● **RECORDS FOR THE EXERCISE**:
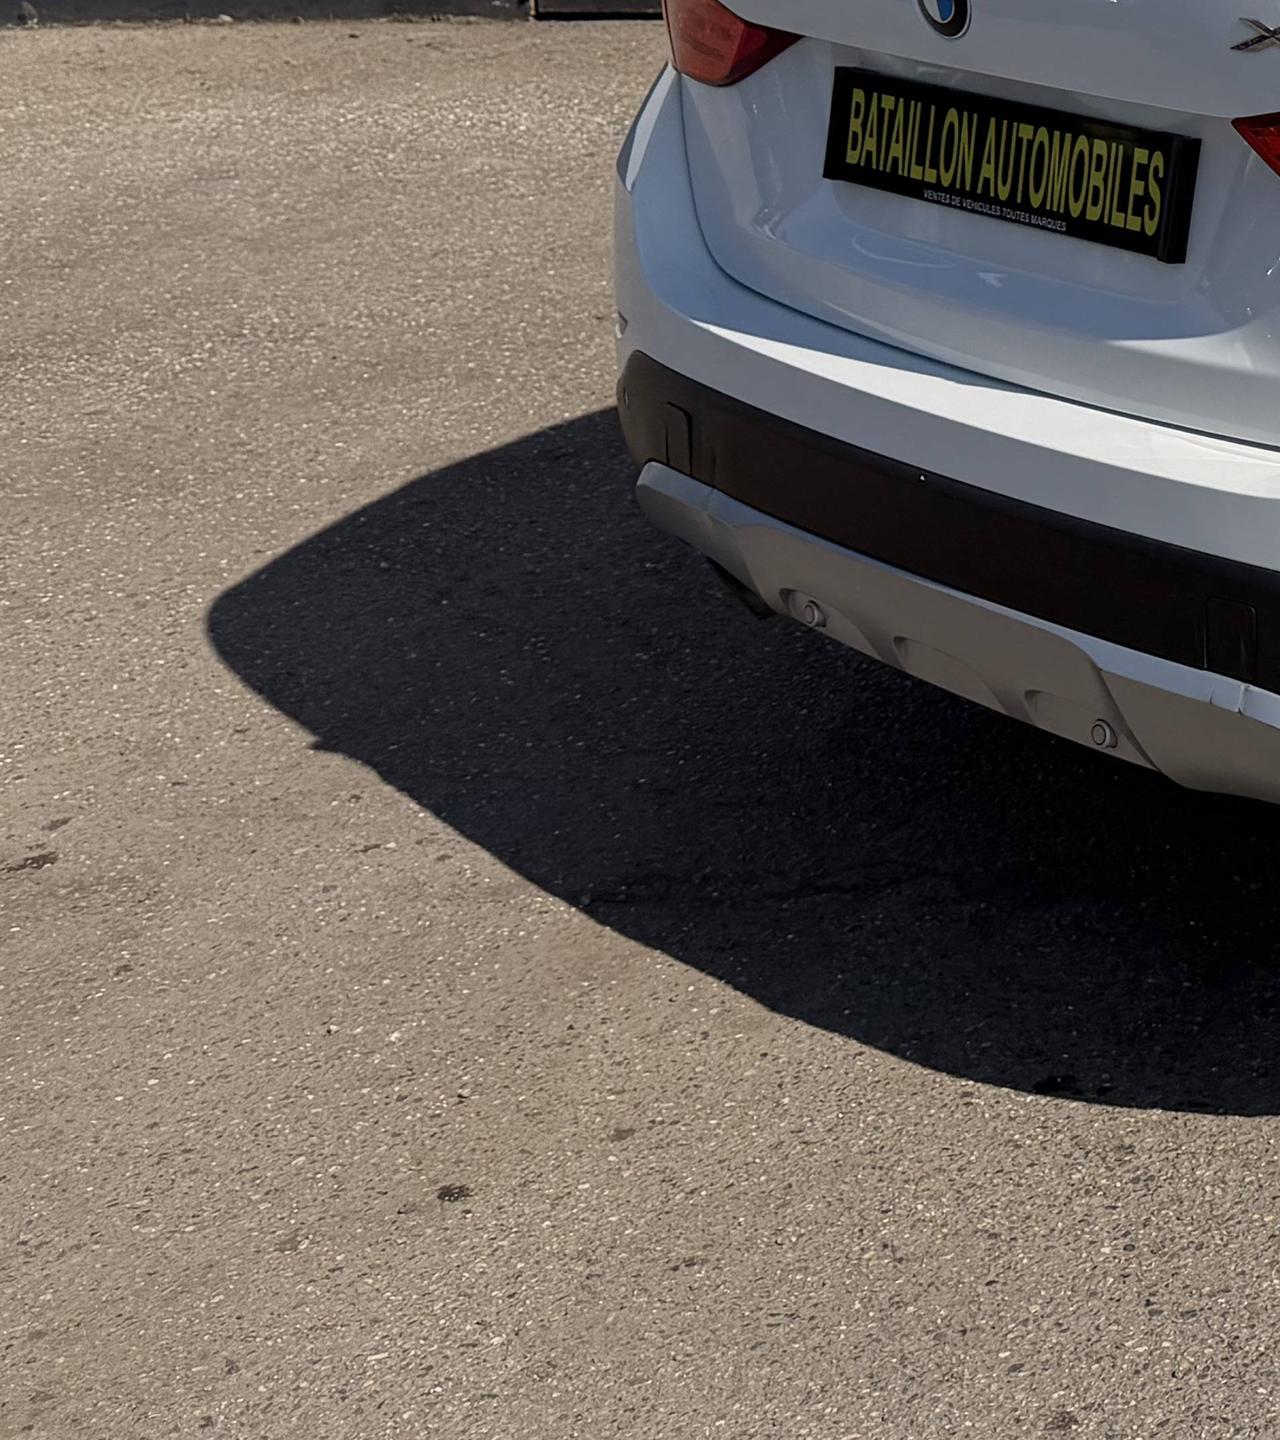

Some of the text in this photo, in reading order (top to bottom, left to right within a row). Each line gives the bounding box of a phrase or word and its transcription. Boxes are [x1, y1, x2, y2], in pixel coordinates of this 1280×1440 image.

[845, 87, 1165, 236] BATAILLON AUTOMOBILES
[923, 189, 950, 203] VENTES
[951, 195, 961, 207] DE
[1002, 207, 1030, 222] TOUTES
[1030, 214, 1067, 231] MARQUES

● **EXERCISE GOAL**: Copy out every entry above, character for character, excluding pictures.

● **WRITTEN RESPONSE**:
Some of the text in this photo, in reading order (top to bottom, left to right within a row). Each line gives the bounding box of a phrase or word and its transcription. Boxes are [x1, y1, x2, y2], in pixel coordinates of this 1280×1440 image.

[845, 87, 1165, 236] BATAILLON AUTOMOBILES
[923, 189, 950, 203] VENTES
[951, 195, 961, 207] DE
[1002, 207, 1030, 222] TOUTES
[1030, 214, 1067, 231] MARQUES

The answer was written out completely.